The Witness: I asked if the doctor who treated him was – would
be able to speak with me if I came out. They advised that she
would be able to do that. I responded out to the emergency
room, uhm, spoke with a Dr. Coleman. I inquired of her about
the injuries to Mr. Swartz and any other information she could
give me. Uhm, she informed me that –
Mr. Kahler: Objection hearsay.
The Court: Overruled.
The Witness: She informed me that the victim, [Swartz], had
seven stab wounds to his person; one being in the face, one being
in the neck, three in the back, one in the side and one in the
shoulder.
Ms.
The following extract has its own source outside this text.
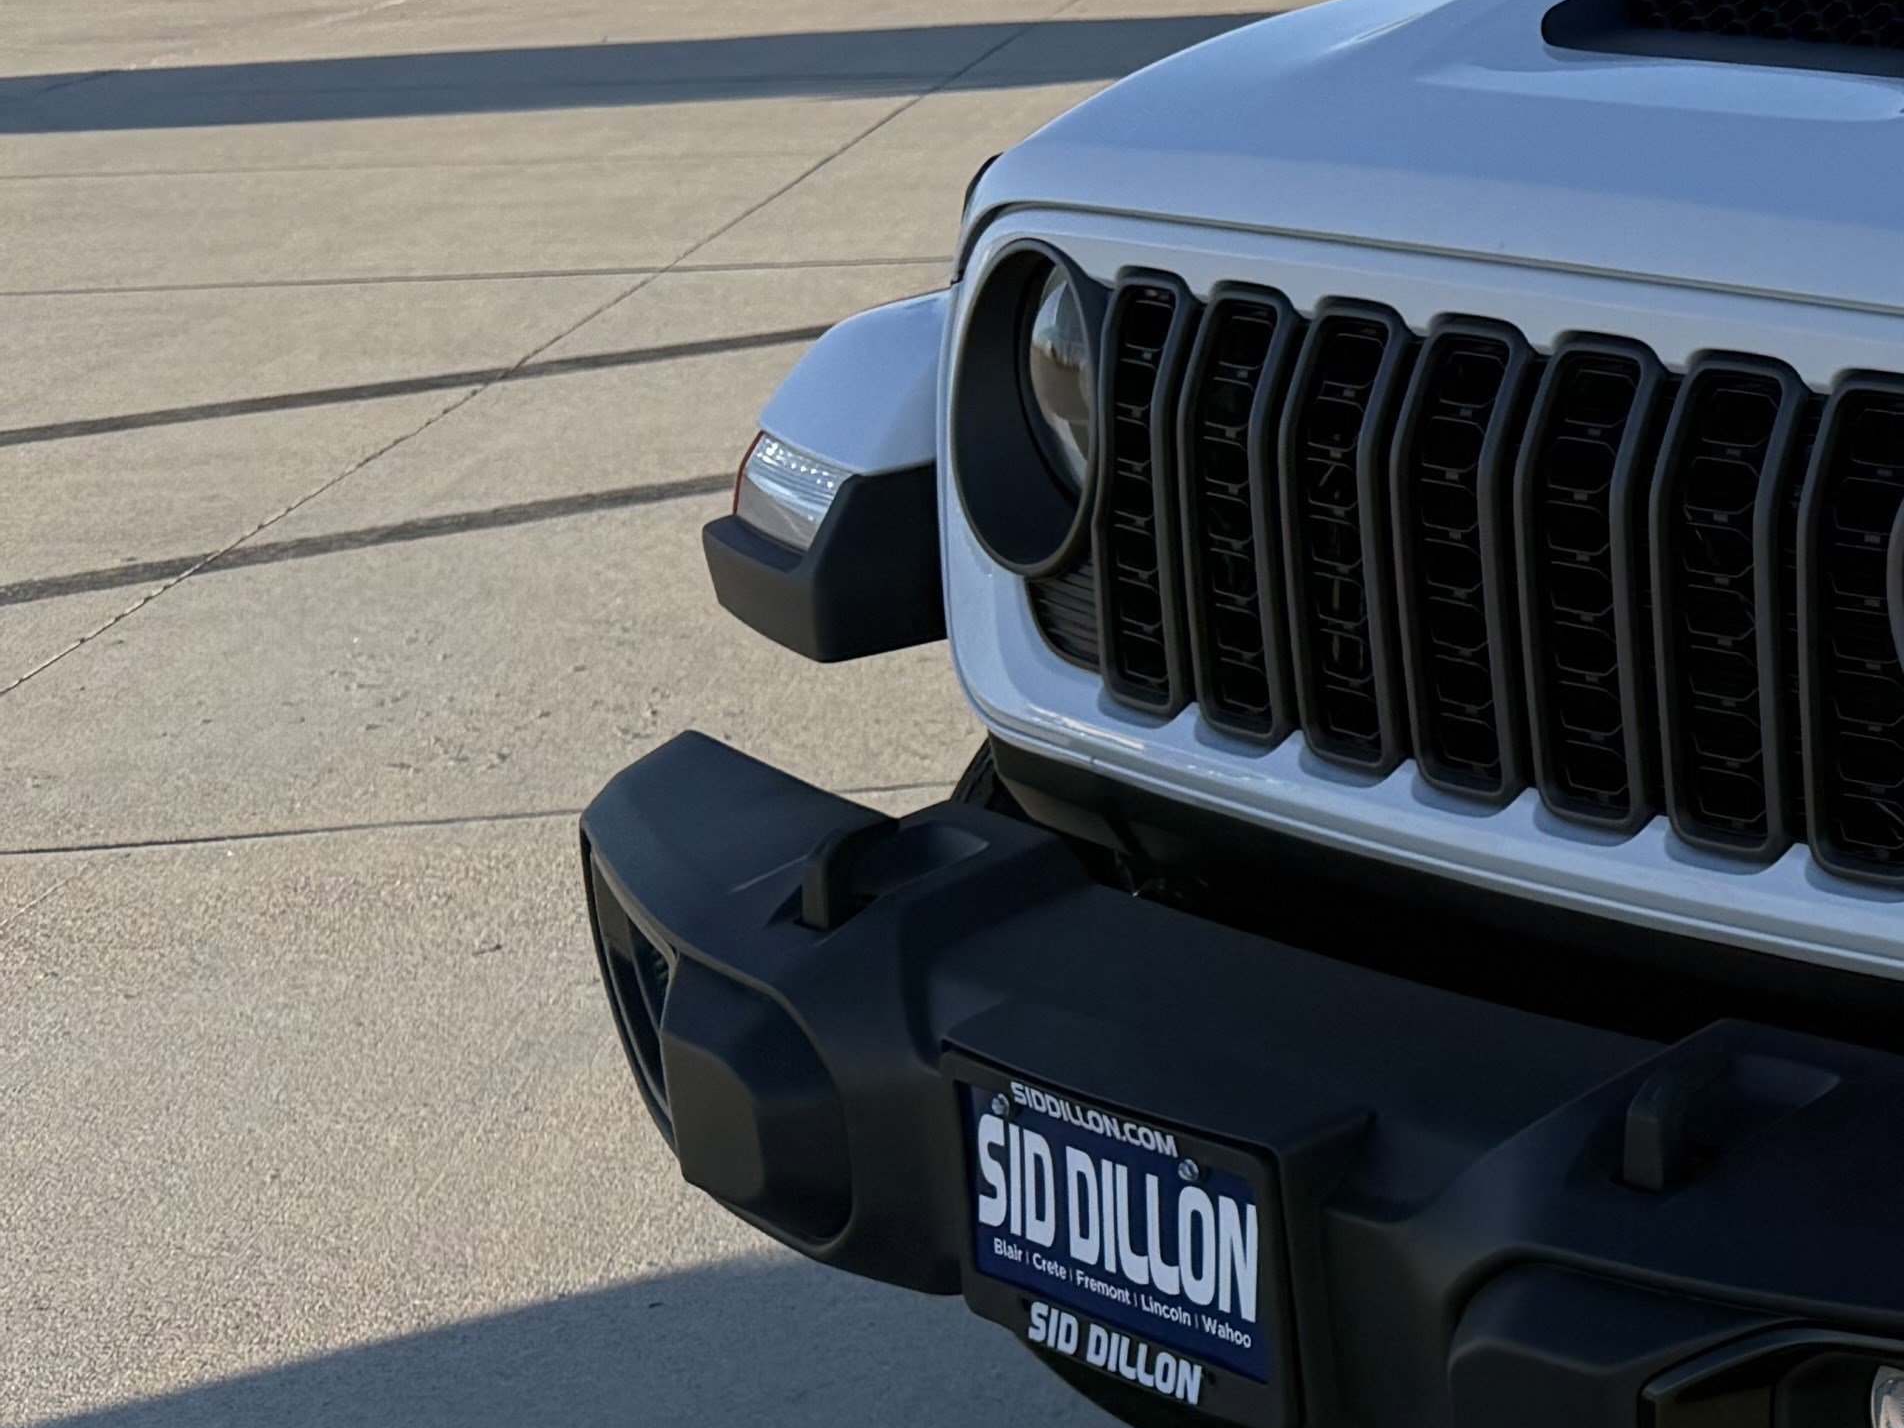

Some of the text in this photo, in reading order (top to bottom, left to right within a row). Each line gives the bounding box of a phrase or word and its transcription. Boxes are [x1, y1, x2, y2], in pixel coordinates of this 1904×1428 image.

[1010, 1080, 1179, 1158] SIDDILLON.COM
[977, 1112, 1259, 1323] SID DILLON
[993, 1237, 1252, 1349] Blair Crete Fremont Lincoln Wahoo
[1028, 1301, 1203, 1406] SID DILLON
Best: Did you continue to follow-up on Mr. Swartz’s
condition after that?
A. Yeah. I asked her about the injuries and whether they were
life threatening. She advised they had the potential –
Mr. Kahler: Objection.
The Court: Sustained.
The Witness: I – After Mercy Hospital, uhm, I left that location.
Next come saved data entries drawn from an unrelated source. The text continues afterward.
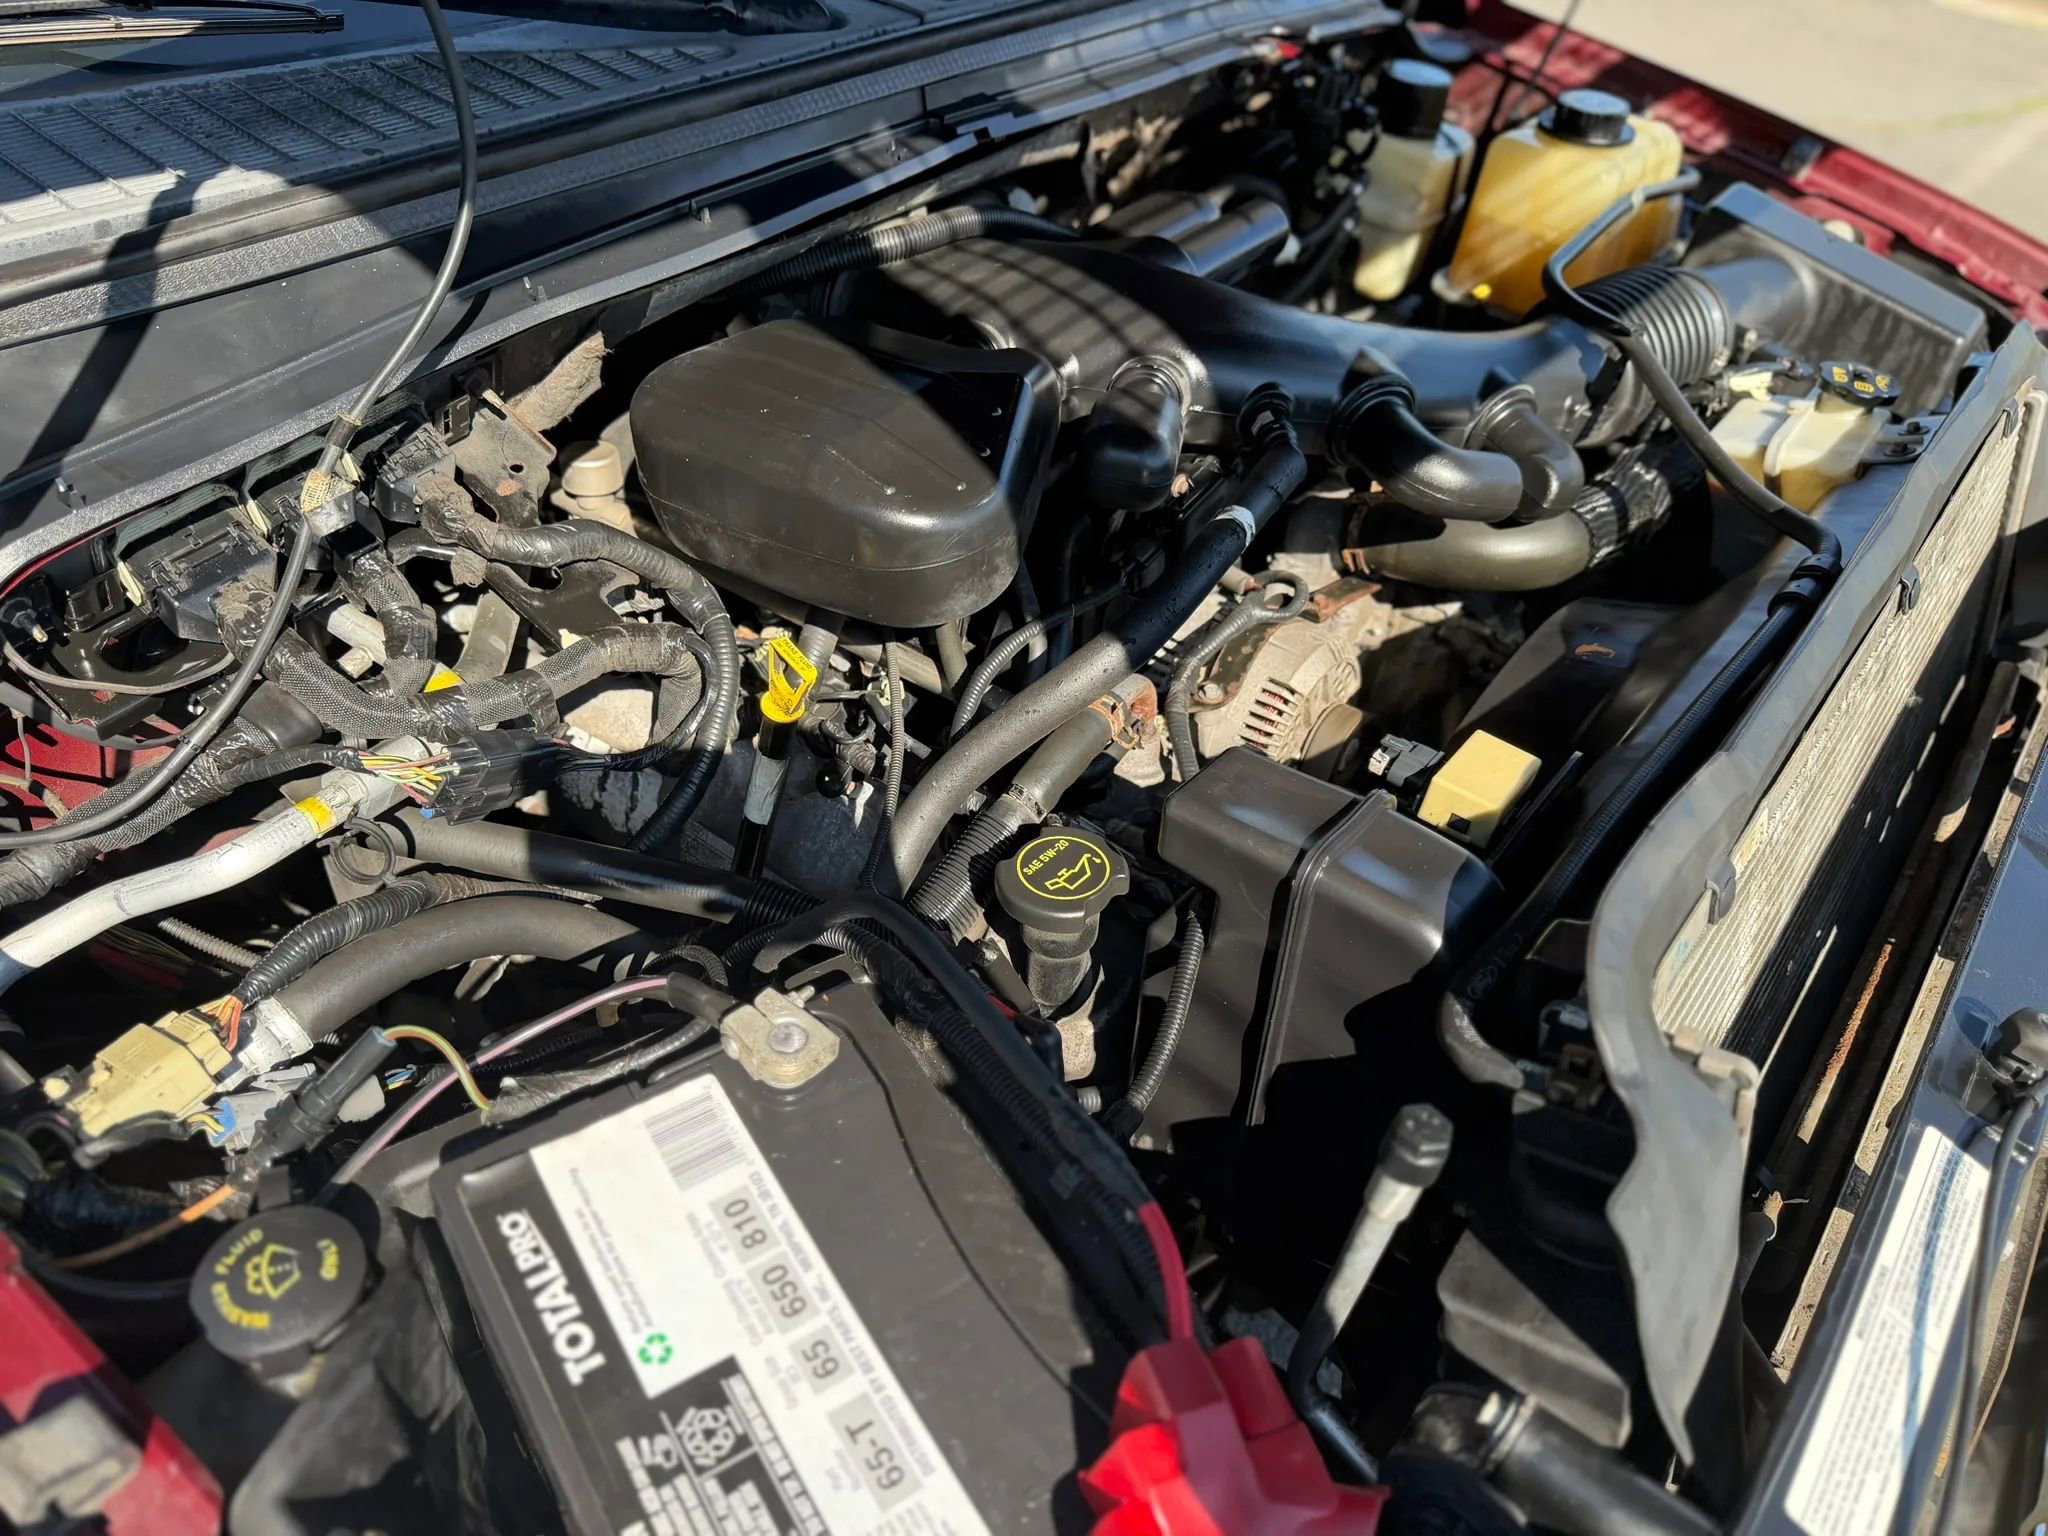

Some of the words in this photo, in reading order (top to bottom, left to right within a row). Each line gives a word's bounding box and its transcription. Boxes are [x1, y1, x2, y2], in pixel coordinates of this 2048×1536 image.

[1023, 860, 1044, 876] SAE
[1040, 839, 1070, 863] 5W-20
[723, 1196, 767, 1251] 810
[497, 1209, 606, 1385] TOTALPRO
[760, 1262, 808, 1320] 650
[801, 1337, 840, 1381] 65
[849, 1343, 874, 1376] BEST
[845, 1413, 906, 1493] 65-T
I asked dispatch to get St. Vincent’s Medical Center information
so I could contact them to learn about his condition.
Ms. Best: Okay. Were you able to make contact with anyone at
St. Vincent’s Mercy Medical Center?
2
Deanda could also have challenged the testimony concerning Dr. Coleman as well, since she was not
called to testify as a witness, but her statements were admitted over objection.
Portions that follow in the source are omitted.